I follow my hometown’s rehoming/for sale/lost pets page on Facebook, and today was the first time I’ve ticked someone off by commenting. And I comment often. Usually to give advice (I'm a vet student and really into grooming) on medical problems, like hots spots and skin allergies. I try not to post on sensitive topics. I am just there to give advice, references, and information. 

I live in Texas, where people tend to keep dogs outside and tied to stakes in rural areas. A lot of these dogs are Siberian huskies. And a lot of huskies are on that rehoming page (or in shelters). Because people get them for their looks, without realising that, “omg this dog is too vocal, has too much energy, too much stamina, is becoming destructive and shed a LOT.” And a lot of people from my hometown don’t know how to handle that. So they get a puppy and throw it outside because it’s got nowhere to direct its energy but at the walls and furniture. 

So anyway.

There’s been a young male husky posted for about a week now, and while lots of people had commented, no one had taken him in. The seller’s post read, “ Looking to rehome our 7 month male huskie. Great dog but with our pool in the backyard theres isnt enough grass for him to run and play. Hes very energetic and enjoys playing! If interested just message me back. Comes with a new dog house and 15ft tie down line with stake.” 

-To which I replied that anyone interested in adopting a husky should be well-read up on the breed and willing to commit to it, and that just because a stake is being offered doesn’t mean that you should keep him tied up full-time. 

I was very promptly (about a minute after I made my post) told by the seller to mind my own business and that no one needed to hear my opinion, apparently. 

Which, to me, being so quick to defend himself is an indicator that he did exactly what I was advising other people not to do- buy a husky, and then not be able to handle it. Which is why it was being rehomed to begin with.

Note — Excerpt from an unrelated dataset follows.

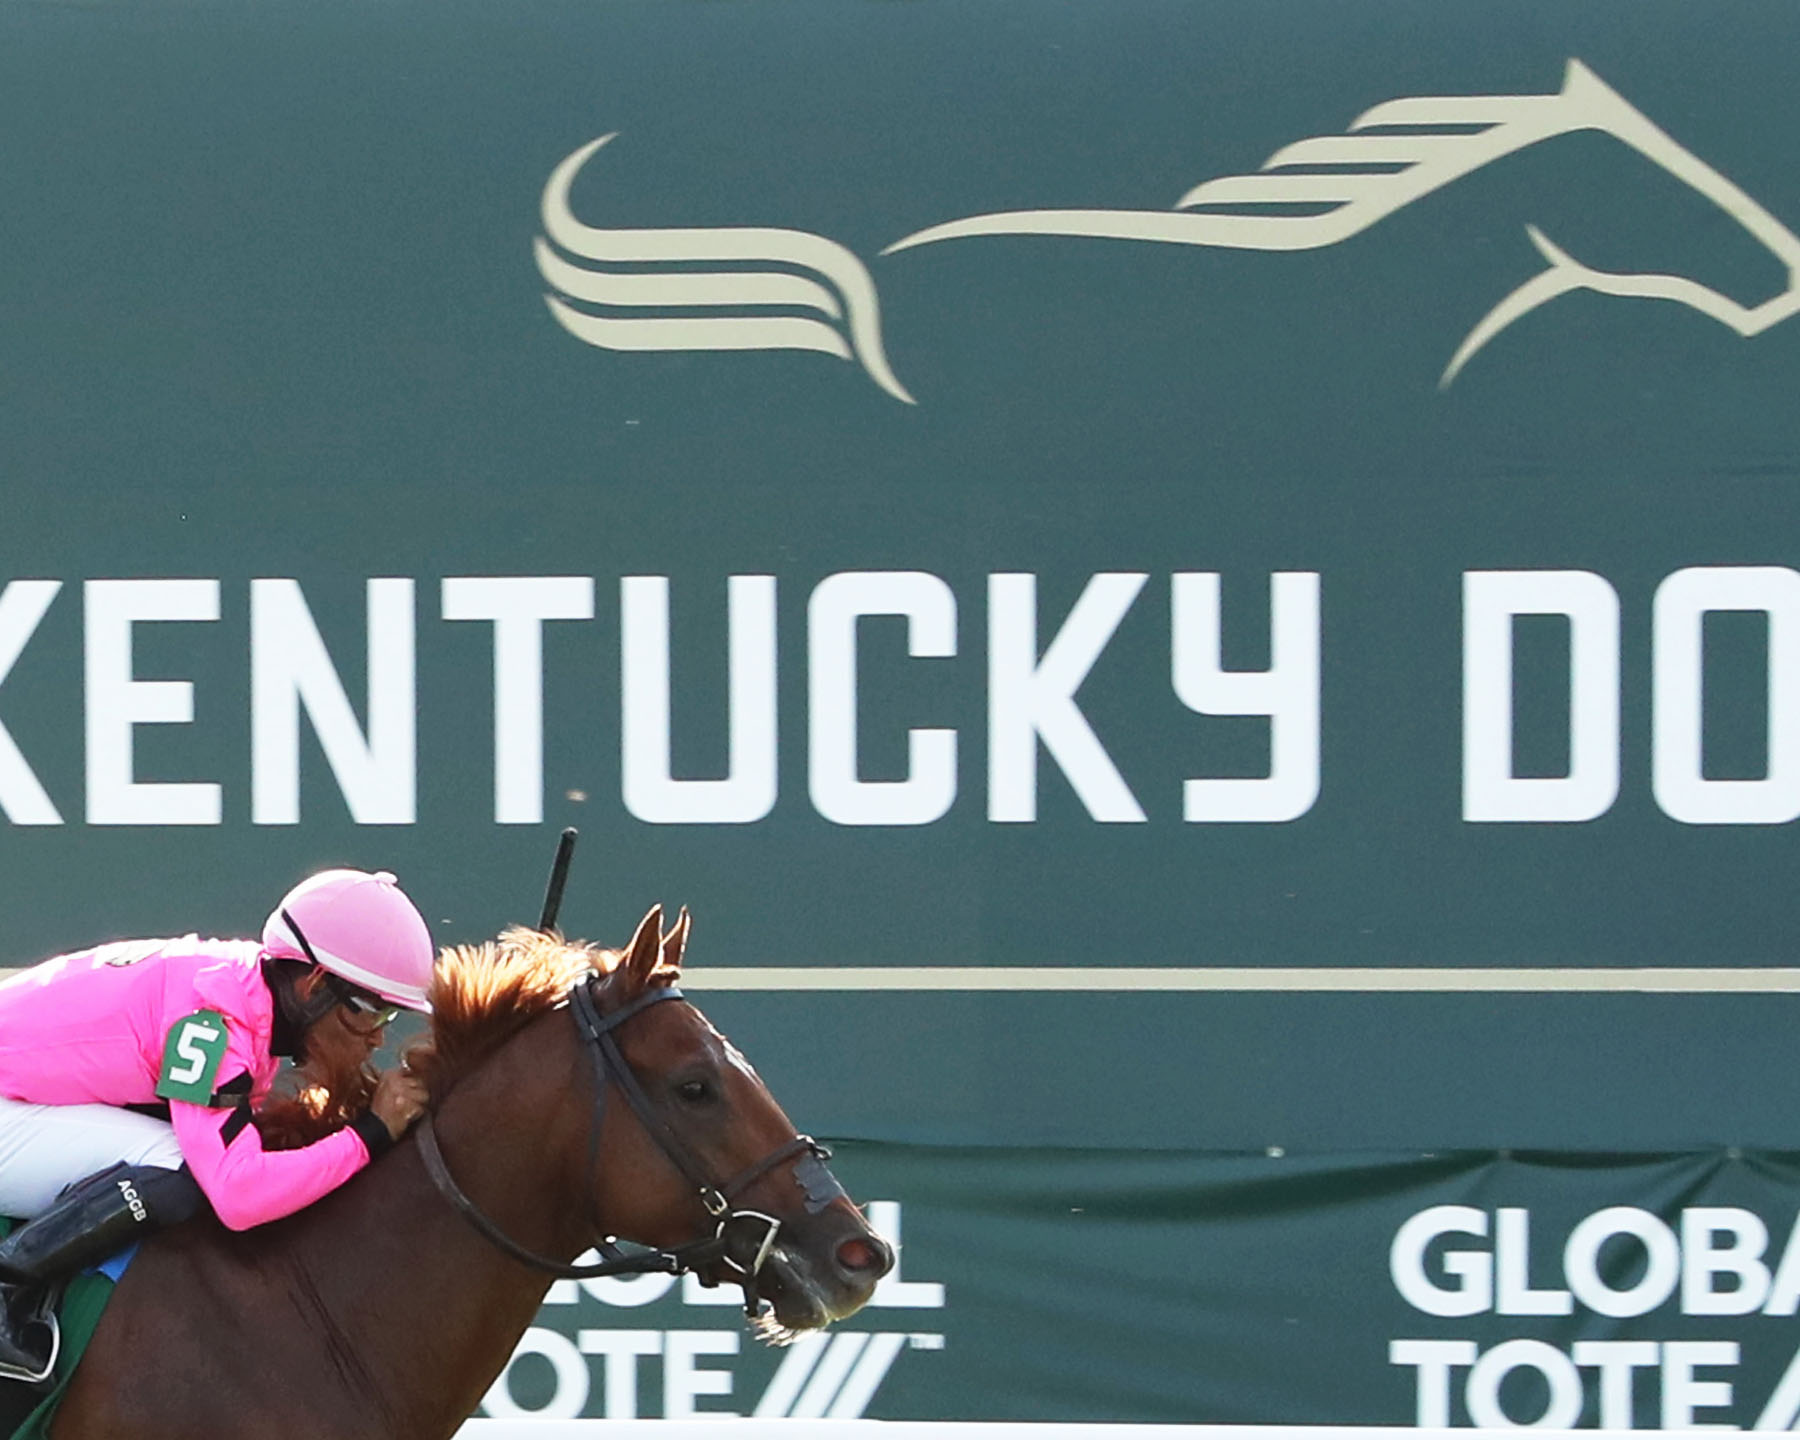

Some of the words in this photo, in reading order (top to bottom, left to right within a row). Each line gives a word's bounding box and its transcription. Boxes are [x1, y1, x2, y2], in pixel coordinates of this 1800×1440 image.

Lots of people need to hear “my" opinion. It isn’t even MY opinion OR an "opinion”- I would assume it’s common sense to do research before adopting any dog. 

Apparently not.  

On top of that, I think huskies are amazing dogs. They just need humans with a very active lifestyle to bring out their full potential, and to keep them entertained. My parents have a shelter shepsky who is an astonishingly fast learner. I love working with her. She needs so much mental stimulation, and I love it. Other people, not so much, haha. I'll attach a picture of her to this post, as well. Her name is Maya.  

The problem here is, per usual, people being uninformed about basic pet care (especially in smaller Southern towns like where I come from), and people who adopt breeds that don’t match up with their lifestyles. Does anyone else see this issue where they live, or even just online?


----------



## lily cd re (Jul 23, 2012)

I could not agree more with you about the importance of doing homework long before getting a puppy. Do you remember a book by Brian Kilcommons called Paws to Consider? As I recall it discussed characteristics of different dog breeds and was meant as a way for people to try to match their lifestyle to the needs of different breeds of dogs.

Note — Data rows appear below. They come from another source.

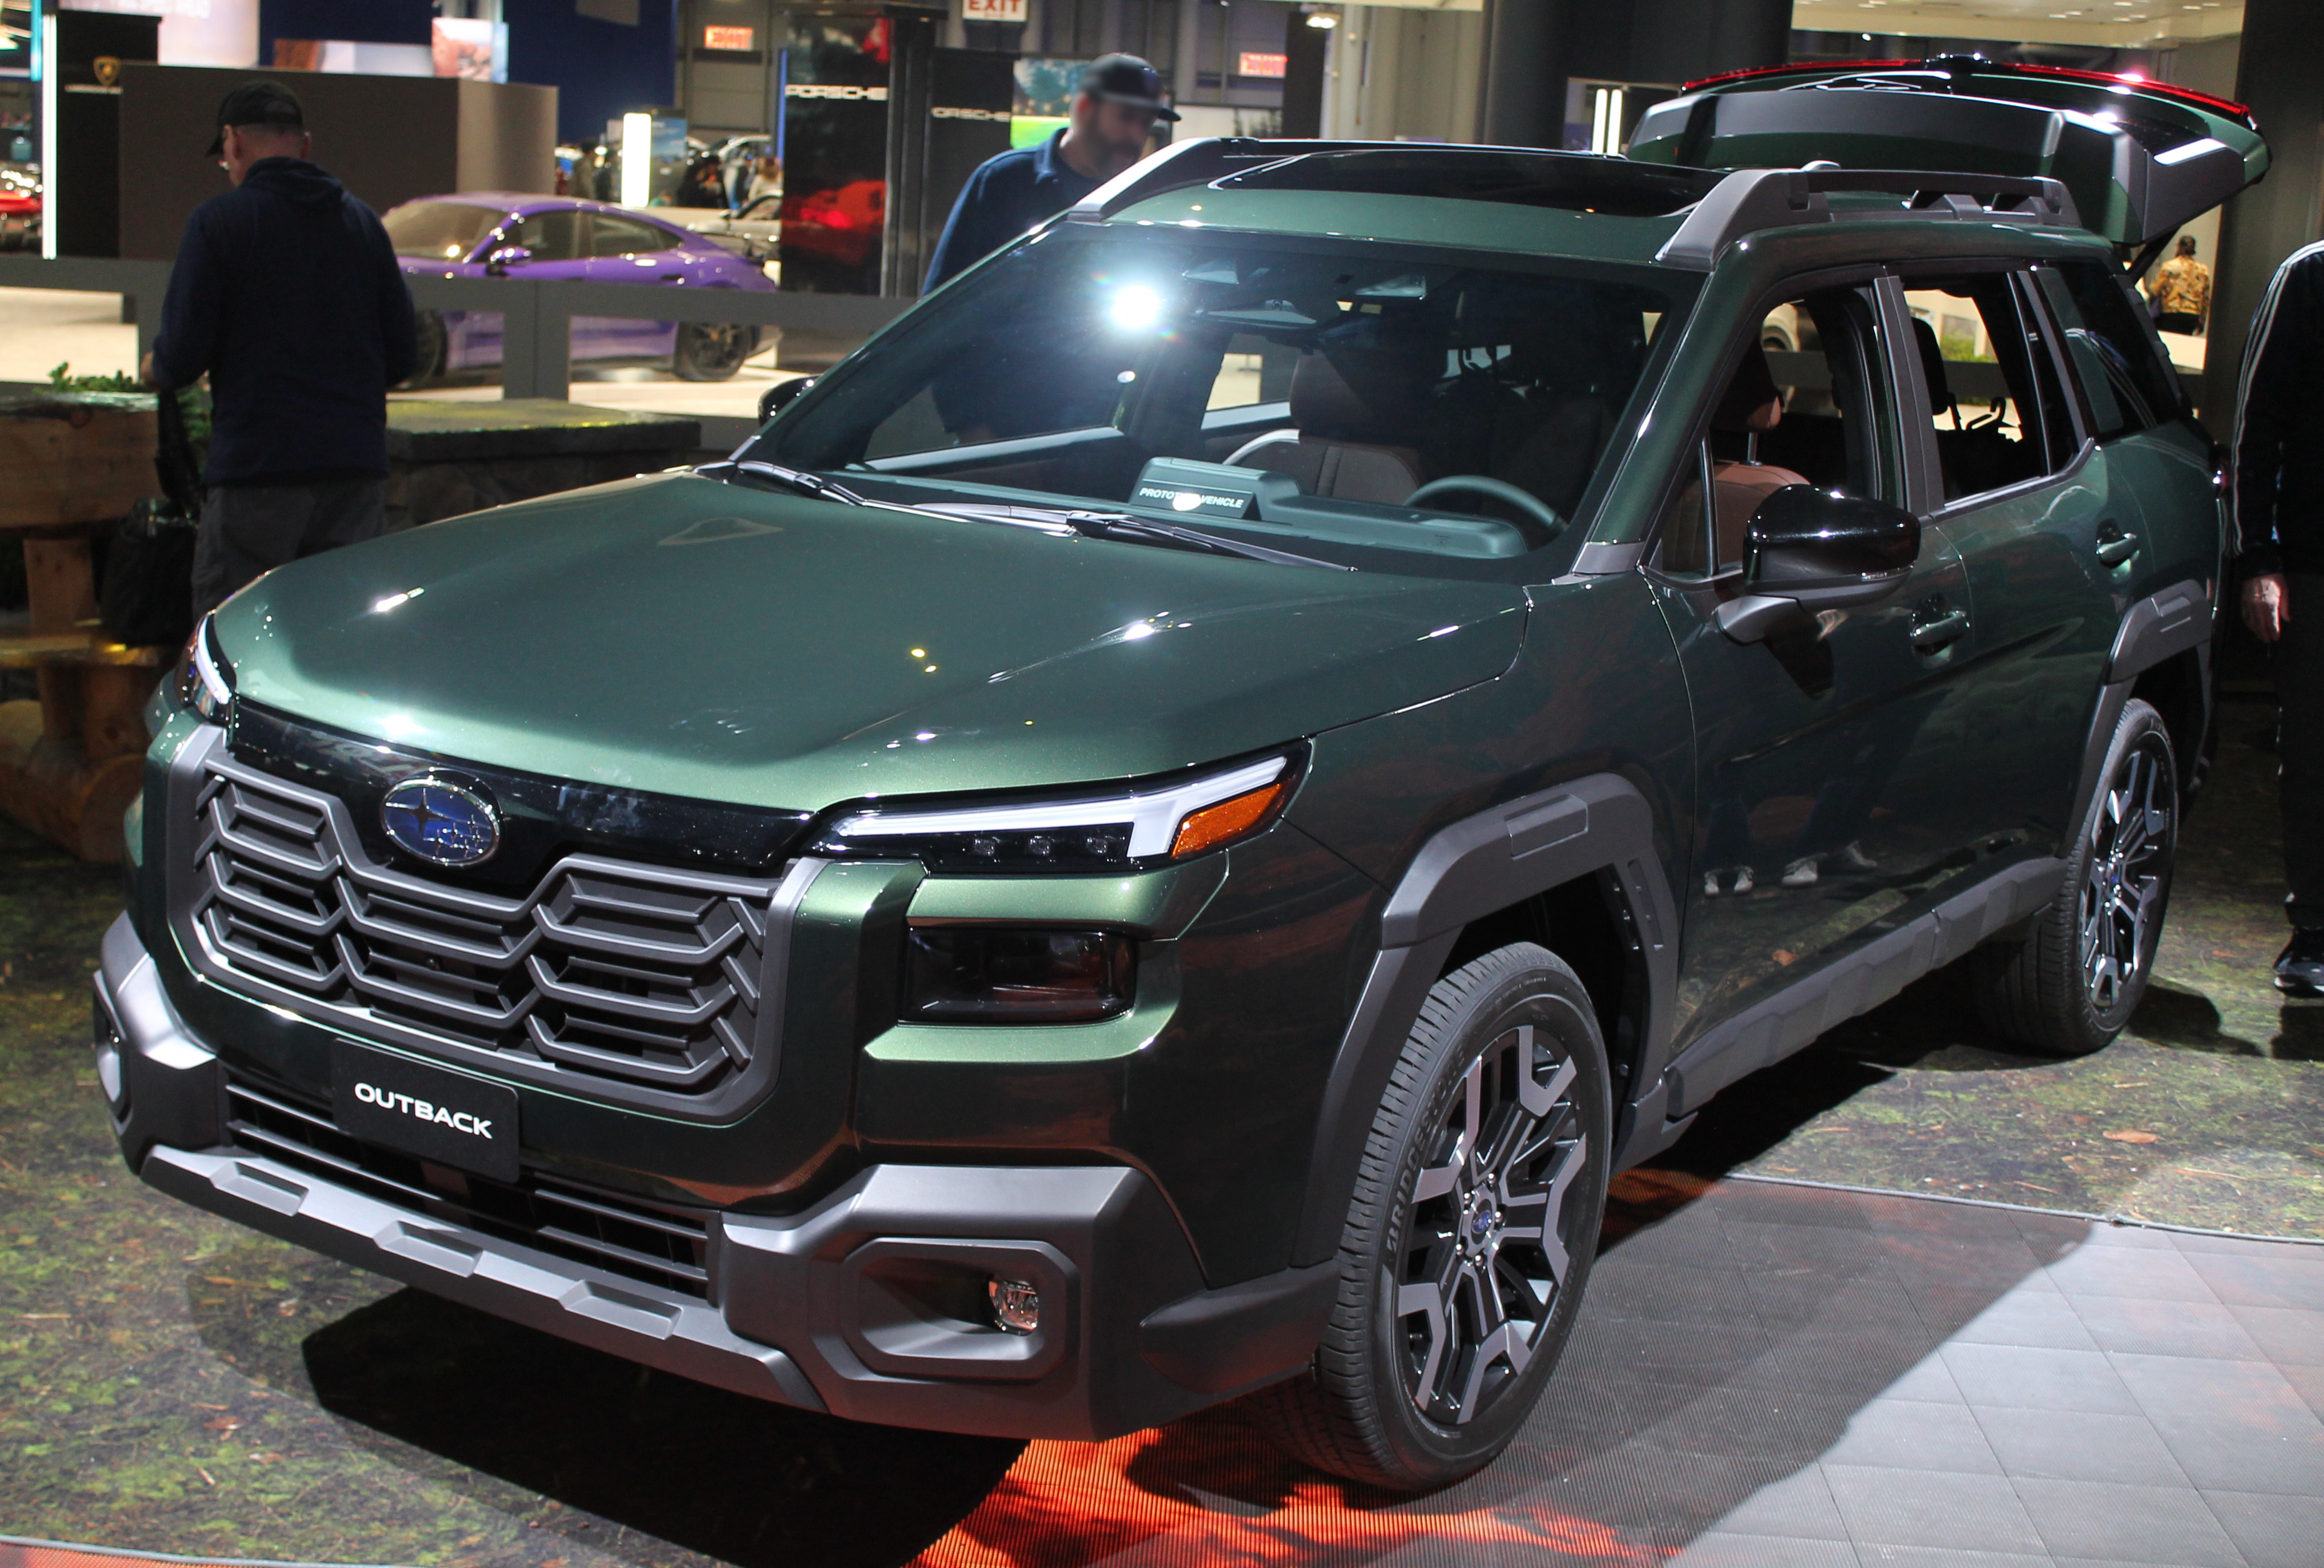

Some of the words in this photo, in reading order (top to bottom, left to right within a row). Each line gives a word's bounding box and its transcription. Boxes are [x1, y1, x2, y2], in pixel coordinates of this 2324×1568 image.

[969, 0, 1022, 12] EXIT
[708, 27, 752, 49] EXIT
[785, 84, 888, 100] PORSCHE
[932, 107, 1011, 122] ORSCHE
[1139, 487, 1200, 505] PROTOT
[1201, 495, 1244, 508] VEHICLE
[354, 1082, 493, 1140] OUTBACK

I live in a dense suburb of NYC. There are a few sheep on Long Island, but not many, so why are there so many border collies around here? What do those dogs get to herd? Since clearly they aren't herding, what work are they doing then? A lot of them are worked for agility and obedience, but for the agility dogs it is mostly weekend warrior kind of stuff so I wonder what those dogs are like to live with.

I wish all prospective puppy owners would do the level of research on the breed of dog they want and understand that puppies don't arrive as fully formed thoughtful dogs any more than an infant can be dropped off by the stork and be considered independent or even necessarily pleasant to be with.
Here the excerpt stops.